How we understand and measure poverty has evolved. From early income-based definitions, Nobel laureate Amartya Sen’s “capability approach” in the 1980s broadened the concept, viewing poverty not just as a lack of income but as the absence of basic opportunities and freedoms.

Building on this, the UN Development Programme (UNDP) developed the Human Development Index (HDI) in the 1990s and, in subsequent years, formulated the Multidimensional Poverty Index (MPI). Annually released by the UNDP in partnership with the Oxford Poverty and Human Development Initiative (OPHI), the MPI measures human well-being and examines poverty through deprivations in health, education, and living standards, offering a more complete picture of poverty beyond income.

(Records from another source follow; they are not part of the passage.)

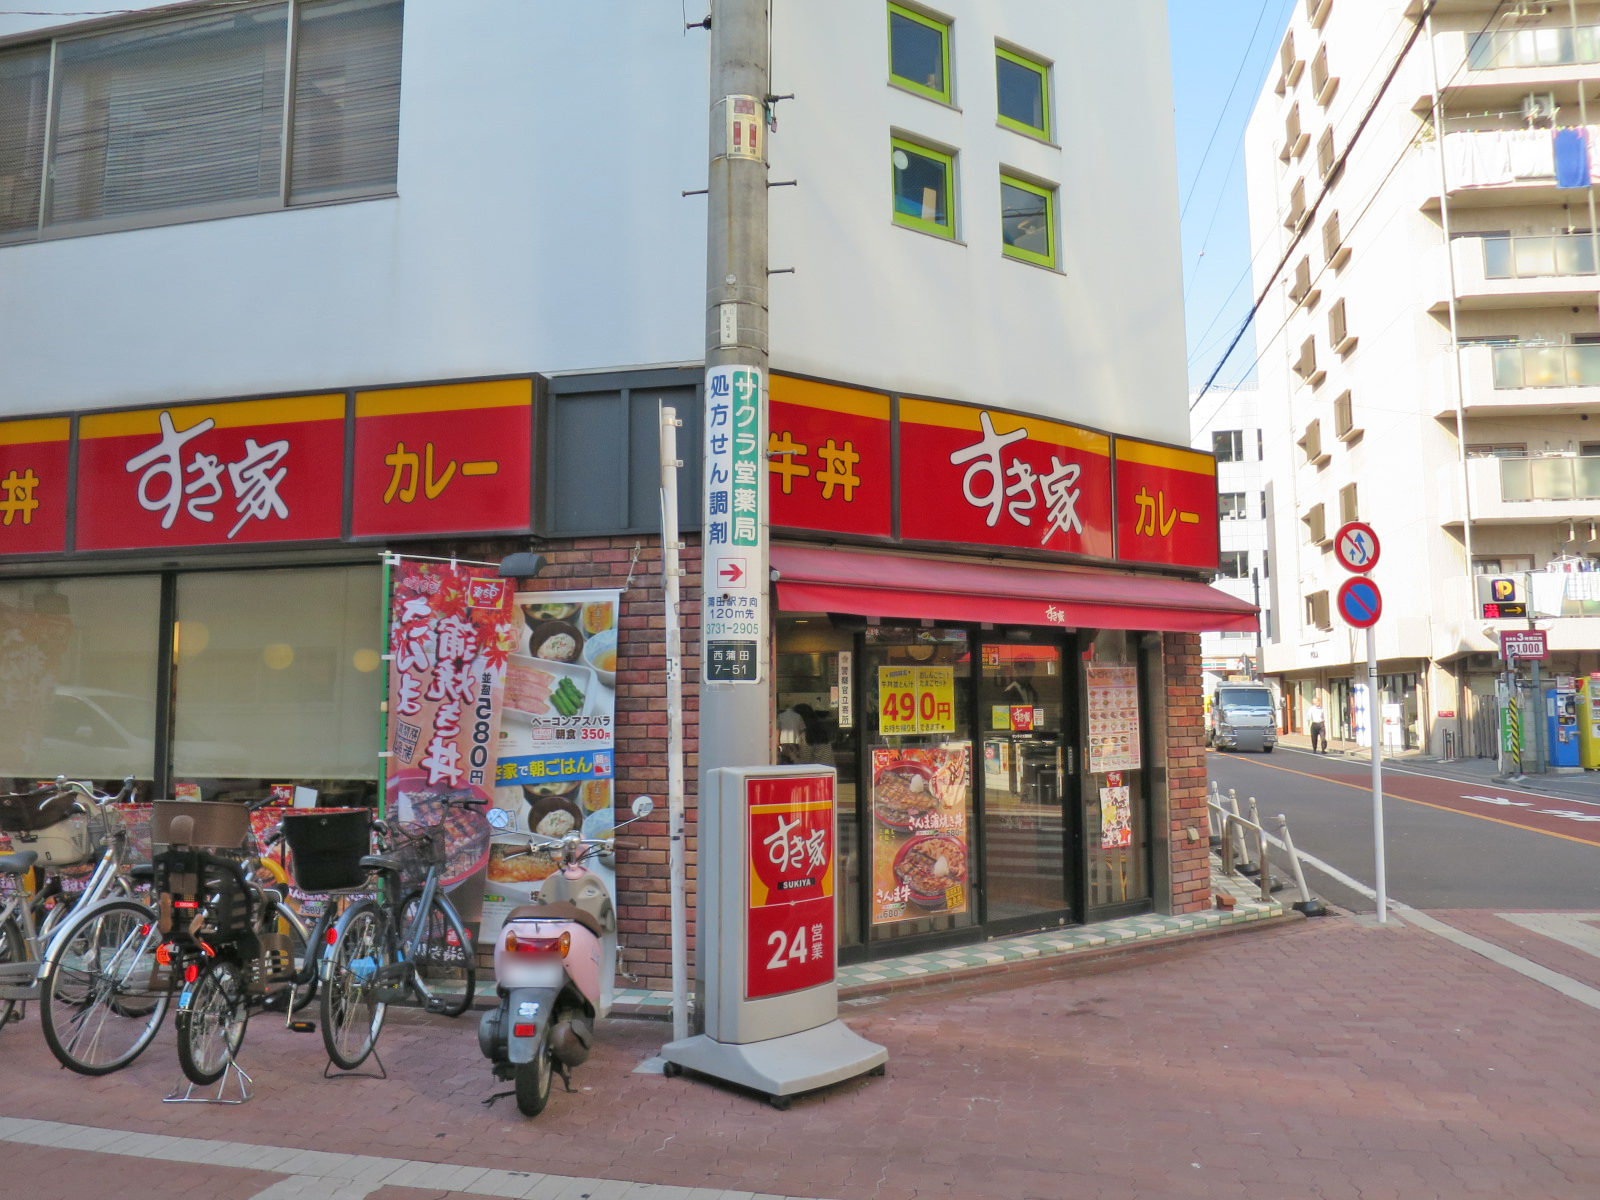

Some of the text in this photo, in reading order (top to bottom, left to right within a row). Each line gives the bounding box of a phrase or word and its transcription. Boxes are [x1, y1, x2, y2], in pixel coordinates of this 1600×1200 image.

[382, 442, 499, 505] カレー
[709, 374, 730, 546] 処方せん調剤
[734, 377, 757, 541] サクラ堂薬局
[769, 430, 861, 502] 牛丼
[126, 410, 290, 540] すき家
[949, 410, 1083, 546] すき家
[1, 468, 40, 526] 丼
[1134, 485, 1200, 537] カレー
[707, 596, 758, 608] 蒲田駅方向
[709, 608, 755, 620] 120m先
[1045, 605, 1065, 624] すき家
[706, 622, 759, 635] 3731-2905
[713, 650, 750, 661] 西蒲田
[714, 664, 747, 675] 7-51
[532, 715, 611, 727] ベーコンアスパラ
[882, 692, 951, 722] 490円
[555, 728, 576, 741] 朝食
[580, 728, 611, 741] 350円
[763, 814, 826, 876] すき家
[783, 879, 812, 889] SUKIYA
[876, 886, 911, 904] さんま牛
[766, 922, 824, 971] 24 営業

This year’s Global MPI Report 2025, “Overlapping Hardships: Poverty and Climate Hazards,” covers 109 countries representing 6.3 billion people. It finds that 1.1 billion people, or 18.3% of the global population, live in multidimensional poverty. Most of them are in Sub-Saharan Africa and South Asia, and more than half are children. For the first time, the report links poverty data with climate risk, revealing how climate change worsens the burden of poverty. Nearly 80% of the world’s poor, or around 887 million people, live in areas exposed to at least one of four major climate hazards: extreme heat, drought, flooding, or air pollution. Under high-emission scenarios, these regions could face 37 more days of extreme heat annually by mid-century, deepening existing inequalities.

In the Philippines, 3.9% of the population, or 4.47 million people, are multidimensionally poor, while another 5.2%, or 6.02 million, are at risk. Most deprivations stem from living standards, followed by education and health. The report highlights air pollution in Metro Manila and flooding in southern provinces as major climate hazards that threaten progress toward the Sustainable Development Goals (SDGs). The country’s latest Voluntary National Review identifies Climate Action as one of the SDGs now regressing, an urgent warning that climate impacts are already slowing inclusive development.

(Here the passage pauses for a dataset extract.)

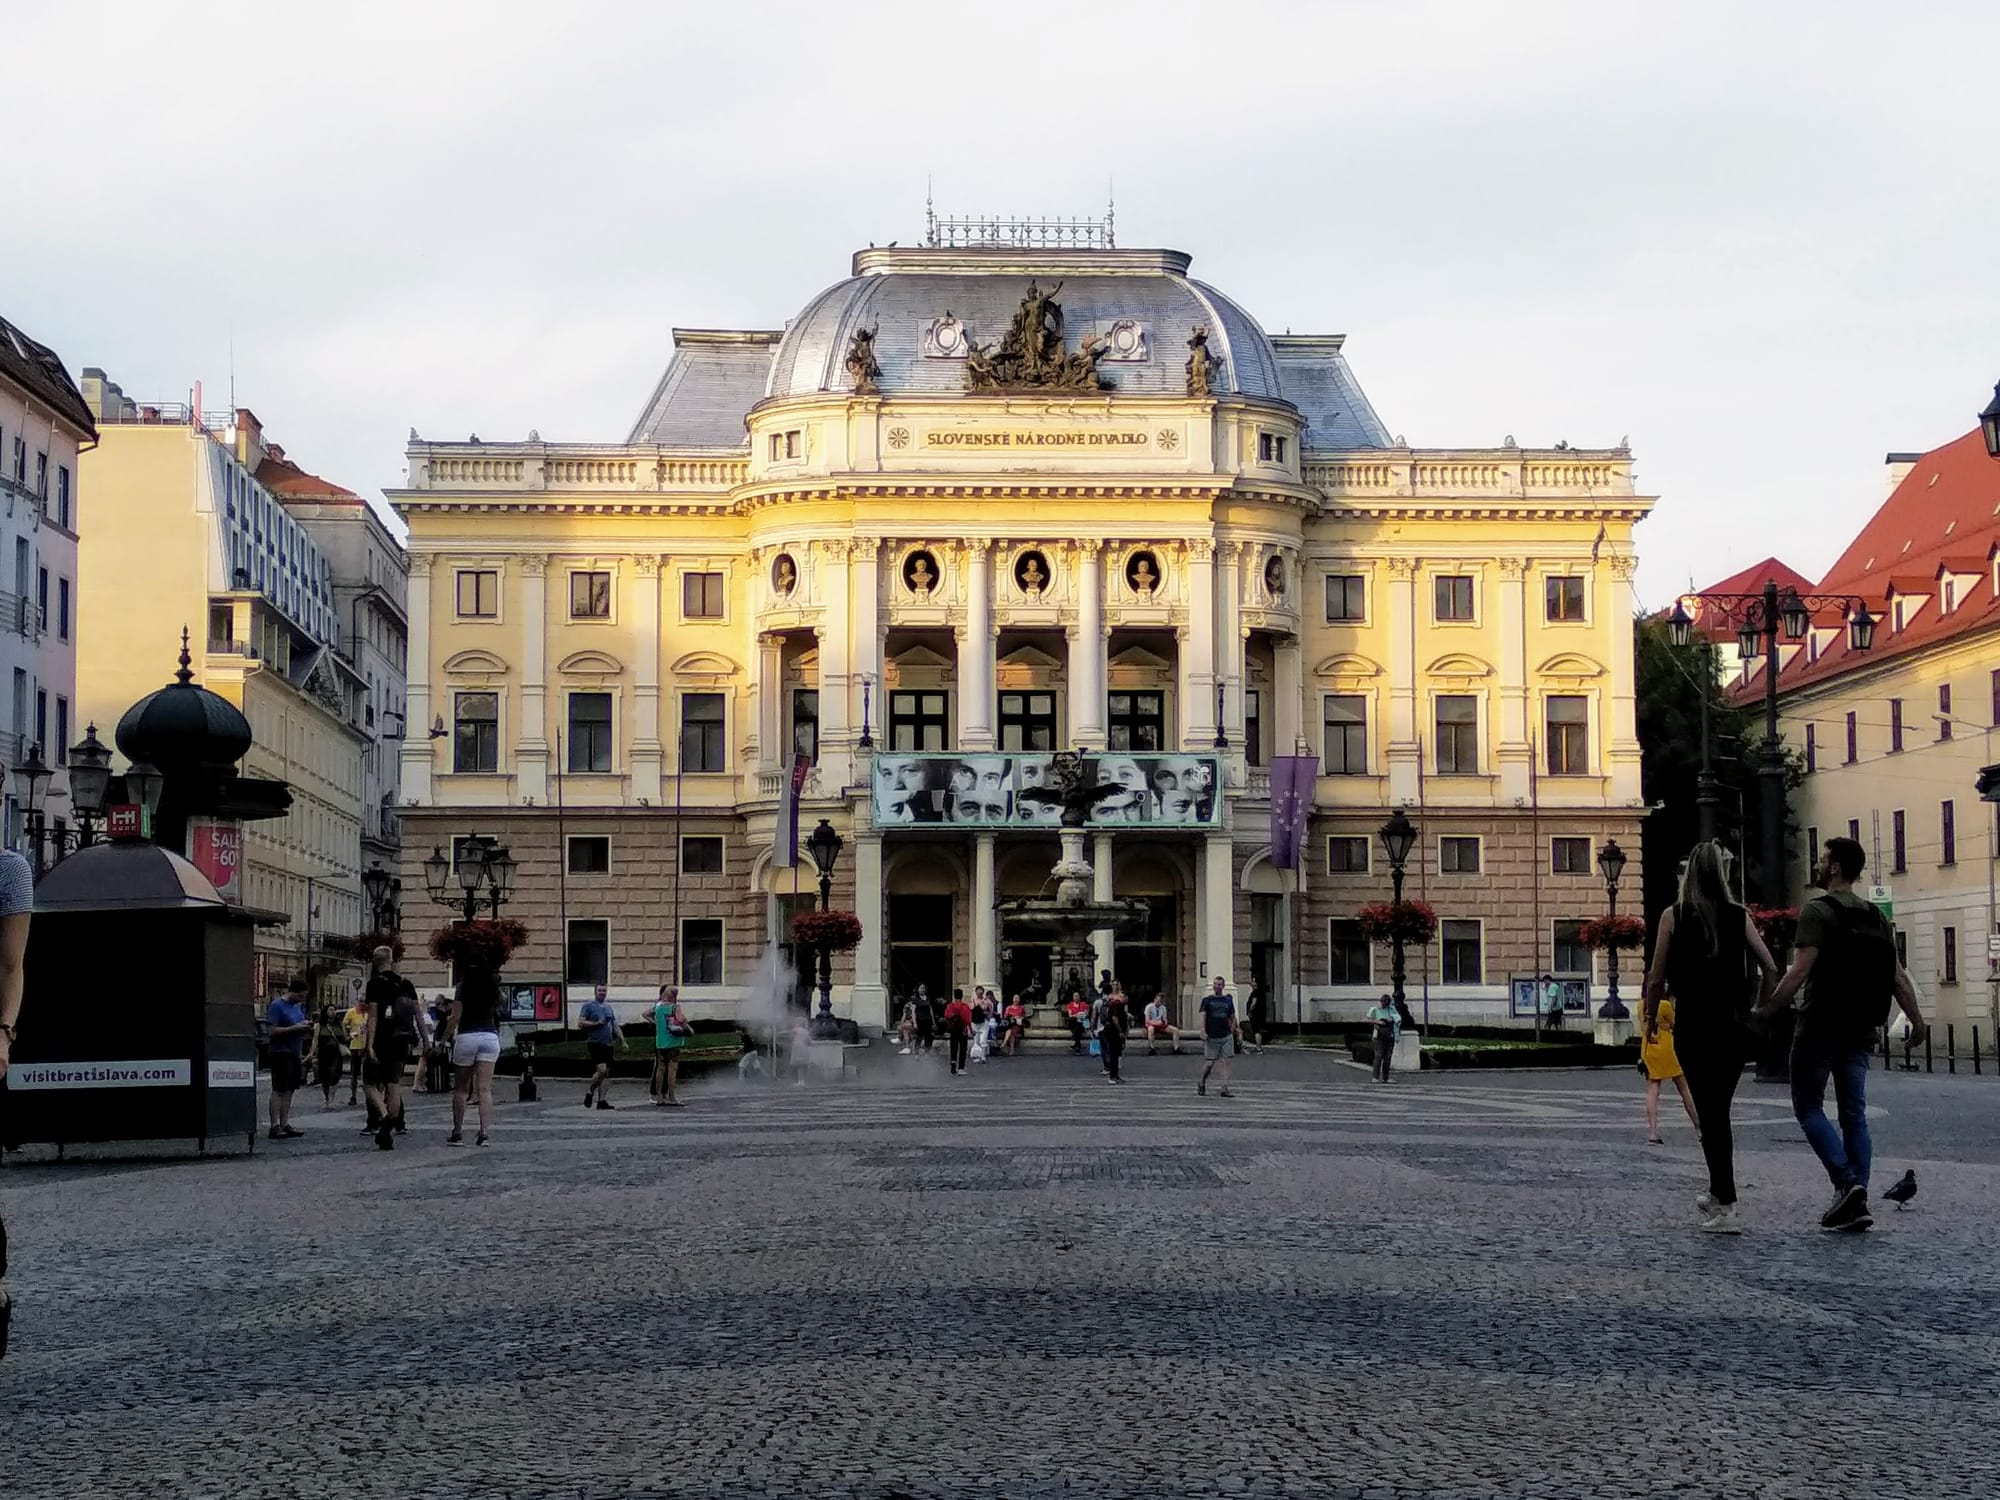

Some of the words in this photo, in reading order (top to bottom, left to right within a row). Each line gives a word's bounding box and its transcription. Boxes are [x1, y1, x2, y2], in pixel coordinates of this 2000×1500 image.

[927, 431, 1011, 446] SLOVENSKÉ
[1015, 431, 1086, 446] NÁRODNÉ
[1088, 432, 1148, 445] DIVADLO
[22, 1067, 176, 1083] visitbratislava.com

Recent events in the Philippines illustrate this growing vulnerability. Just recently, Typhoon Tino battered Central Visayas, including the province of Cebu, with torrential rains and destructive winds. Within a single day, some areas received more than 180 millimeters of rain, enough to flood entire communities. Power and communication lines were cut off in several municipalities, and emergency shelters quickly filled beyond capacity. The storm killed more than 180 people and left over a hundred missing, displacing thousands. Just as relief operations were underway, Typhoon Uwan came, threatening further rainfall and landslides in Northern Luzon. The back-to-back disasters underscored how natural and climate-induced hazards can trap already vulnerable communities in a cycle of loss and recovery.

These overlapping crises reflect what the MPI calls the “double burden” and the intersectionality of poverty and climate change. Poor households are more likely to live in areas exposed to hazards and in housing that cannot withstand extreme events. When disasters strike, they have fewer savings, weaker safety nets, and limited access to insurance or assistance. The MPI report shows that in rural areas, multidimensional poverty is more than four times higher than in urban centers. In the Philippines, where the majority of the population lives in rural barangays, according to the Listahanan 3 survey. This means that millions are exposed to both economic and environmental risks.

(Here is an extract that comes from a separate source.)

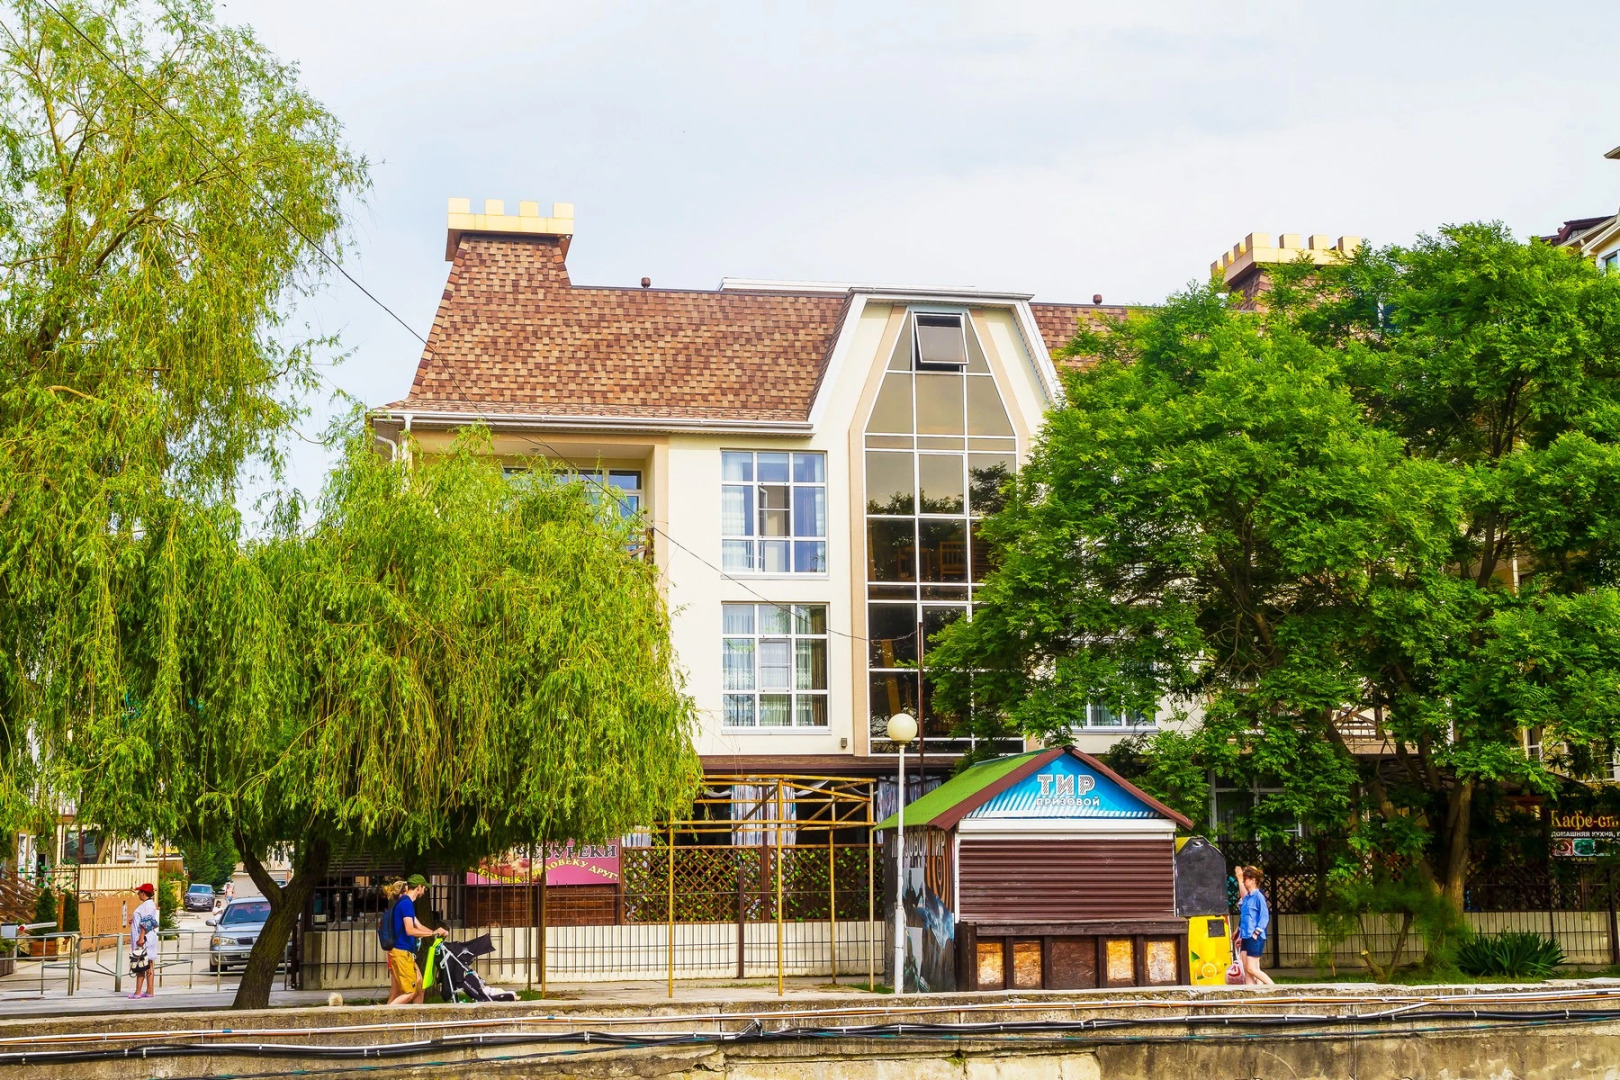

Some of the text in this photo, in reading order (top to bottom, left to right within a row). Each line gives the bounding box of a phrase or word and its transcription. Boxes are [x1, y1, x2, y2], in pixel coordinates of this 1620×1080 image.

[1037, 774, 1096, 796] ТИР
[1036, 796, 1100, 806] ПРИЗОВОЙ
[891, 830, 946, 858] ПЗОВОЙ ТИР

Breaking this cycle requires integrating climate action with poverty reduction. Programs such as the Pantawid Pamilyang Pilipino Program (4Ps) already provide a strong foundation, but systems need to become more adaptive and shock-responsive. Emergency cash transfers should be scaled up, local governments should be better coordinated during disasters, and nature-based livelihoods in agriculture, forestry, and fisheries should be expanded to strengthen rural resilience.

Governments can also modernize data systems to combine poverty mapping with climate and hazard data. These integrated systems can trigger pre-arranged budget releases when disaster thresholds are reached, allowing for faster and more targeted support. The Philippines can enhance its adaptive social protection mechanisms by incorporating these anticipatory financing tools to protect vulnerable families before disasters strike.

The stakes are high. The Philippines loses an estimated 1.2% of GDP each year due to typhoons, with losses projected to rise to 7.6% by 2030 and 13.6% by 2040 without stronger adaptation measures. Each year, nearly one million Filipinos are pushed into poverty by climate-related shocks according to the World Bank’s Philippines Country Climate and Development Report (2024). Investing in climate-resilient infrastructure, renewable energy, and adaptive social protection could offset up to two-thirds of these losses while creating jobs and strengthening communities.

As the world prepares for COP30, the 2025 Global MPI reminds us that poverty reduction and strengthening climate resilience must go hand in hand. For the Philippines and its ASEAN neighbors, aligning these priorities is essential to building a future that is resilient, inclusive, and sustainable for all.

 

Knut Ostby is the UNDP Philippines resident representative ad interim, and Mohammed Shahud is a UNDP Philippines economist.